[Python-Dev] #ifdef __cplusplus?

Alexander Belopolsky alexander.belopolsky at gmail.com
Fri Jan 2 06:17:24 CET 2009

On Thu, Jan 1, 2009 at 11:05 PM, Christian Heimes <lists at cheimes.de> wrote:
> You might be interested in the bug report
> http://bugs.python.org/issue4665. Skip pointed out that Python 2.6 no
> longer compiles with a C++ compiler due to missing casts. C++ is more
> restrict when it comes to implicit casts from (amongst others) void
> pointers.
Since that issue is closed, I have created
http://bugs.python.org/issue4805 with a patch that restores C++
compilability of the core and a few standard modules.

> Martin is against the necessary changes. I don't really care about it.
> If somebody wants to tackle the issue I'm fine with sprinkling some type
> casts over the code.
I've listed the following arguments in support maintaining C++
compilability on the bug tracker:

1. It is hard to verify that header files are compilable if source code
is not.  With compilable source code, CC=g++ ./configure; make will
supply an adequate test that does not require anything beyond a standard

2. Arguably, C++ compliant code is more consistent and less error prone.
For example, "new" is a really bad choice for a variable name regardless
of being a C++ keyword, especially when used instead of prevailing "res"
for a result of a function producing a PyObject. Even clearly redundant
explicit casts of malloc return values arguably improve readability by
reminding the type of the object that is being allocated.
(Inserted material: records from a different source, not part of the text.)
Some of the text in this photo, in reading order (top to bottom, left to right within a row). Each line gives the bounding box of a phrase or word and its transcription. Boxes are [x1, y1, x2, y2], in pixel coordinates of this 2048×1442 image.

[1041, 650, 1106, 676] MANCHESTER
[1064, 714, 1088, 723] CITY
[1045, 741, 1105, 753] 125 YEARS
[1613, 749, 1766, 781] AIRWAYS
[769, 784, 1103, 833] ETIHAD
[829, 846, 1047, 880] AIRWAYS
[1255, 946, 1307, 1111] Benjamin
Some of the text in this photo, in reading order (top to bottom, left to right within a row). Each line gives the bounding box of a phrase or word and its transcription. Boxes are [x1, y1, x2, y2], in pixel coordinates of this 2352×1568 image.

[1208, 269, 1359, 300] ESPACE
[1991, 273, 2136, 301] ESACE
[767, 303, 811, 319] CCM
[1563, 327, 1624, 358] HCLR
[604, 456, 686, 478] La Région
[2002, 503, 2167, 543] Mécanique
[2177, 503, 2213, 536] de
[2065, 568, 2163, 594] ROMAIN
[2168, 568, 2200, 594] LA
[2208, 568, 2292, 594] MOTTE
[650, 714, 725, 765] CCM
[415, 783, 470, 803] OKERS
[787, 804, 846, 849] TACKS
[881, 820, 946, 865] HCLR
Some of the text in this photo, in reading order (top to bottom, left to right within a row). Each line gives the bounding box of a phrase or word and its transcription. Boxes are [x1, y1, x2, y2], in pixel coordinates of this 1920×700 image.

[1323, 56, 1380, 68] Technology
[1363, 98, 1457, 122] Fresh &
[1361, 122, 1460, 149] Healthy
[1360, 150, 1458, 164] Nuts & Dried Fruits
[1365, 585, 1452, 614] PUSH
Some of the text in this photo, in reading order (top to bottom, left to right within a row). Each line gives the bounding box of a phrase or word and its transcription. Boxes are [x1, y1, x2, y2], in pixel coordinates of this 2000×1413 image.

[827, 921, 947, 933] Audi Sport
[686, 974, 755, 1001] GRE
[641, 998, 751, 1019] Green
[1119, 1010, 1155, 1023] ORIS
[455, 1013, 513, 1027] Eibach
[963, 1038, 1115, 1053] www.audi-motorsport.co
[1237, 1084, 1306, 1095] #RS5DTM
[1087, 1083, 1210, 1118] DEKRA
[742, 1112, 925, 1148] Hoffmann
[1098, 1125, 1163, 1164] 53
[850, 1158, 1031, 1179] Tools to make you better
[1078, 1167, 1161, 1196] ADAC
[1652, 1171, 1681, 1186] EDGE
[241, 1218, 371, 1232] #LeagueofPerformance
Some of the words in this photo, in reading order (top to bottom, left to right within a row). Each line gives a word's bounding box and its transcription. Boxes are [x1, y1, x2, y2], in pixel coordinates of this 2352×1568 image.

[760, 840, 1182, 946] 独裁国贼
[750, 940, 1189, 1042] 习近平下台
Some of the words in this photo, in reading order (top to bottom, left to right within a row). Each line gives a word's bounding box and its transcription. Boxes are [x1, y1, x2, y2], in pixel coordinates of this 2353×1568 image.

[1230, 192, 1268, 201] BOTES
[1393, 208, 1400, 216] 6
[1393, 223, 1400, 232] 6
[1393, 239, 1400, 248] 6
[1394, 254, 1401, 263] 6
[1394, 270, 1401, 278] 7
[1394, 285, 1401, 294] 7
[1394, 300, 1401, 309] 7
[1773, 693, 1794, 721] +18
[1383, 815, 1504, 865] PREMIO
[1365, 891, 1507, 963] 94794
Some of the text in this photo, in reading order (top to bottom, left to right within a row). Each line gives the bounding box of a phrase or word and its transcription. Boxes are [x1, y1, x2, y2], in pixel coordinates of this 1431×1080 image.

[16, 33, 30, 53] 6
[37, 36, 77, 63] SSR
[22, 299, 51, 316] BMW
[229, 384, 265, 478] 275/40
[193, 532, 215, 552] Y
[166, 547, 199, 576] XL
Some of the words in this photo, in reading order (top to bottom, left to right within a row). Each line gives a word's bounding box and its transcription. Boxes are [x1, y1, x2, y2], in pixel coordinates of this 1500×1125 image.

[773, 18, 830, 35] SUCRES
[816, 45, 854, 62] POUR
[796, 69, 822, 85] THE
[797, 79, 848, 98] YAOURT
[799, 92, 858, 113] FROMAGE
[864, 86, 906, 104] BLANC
3. Compiling with C++ may reveal actual coding errors that otherwise
go unnoticed.  For example, use of undefined
PyLong_BASE_TWODIGITS_TYPE in Objects/longobject.c.

4. Stricter type checking may promote use of specific types instead of
void* which in turn may help optimizing compilers.

5. Once achieved, C++ compilability is not that hard to maintain, but
restoring it with patches like this one is hard because it requires
review of changes to many unrelated files.

Note that this discussion has deviated from OP's original question.
While I argue that C++ compilability of source code is good thing, I
agree with OP that wrapping non-header file code in extern "C" {} is
bad practice.  For example, the only reason Objects/fileobject.c does
not compile without extern "C" {} is because fclose is declared inside
PyFile_FromString as follows:

 PyObject *
 PyFile_FromString(char *name, char *mode)
 	extern int fclose(FILE *);

I would rather #include <stdio.h> at the top of the file instead.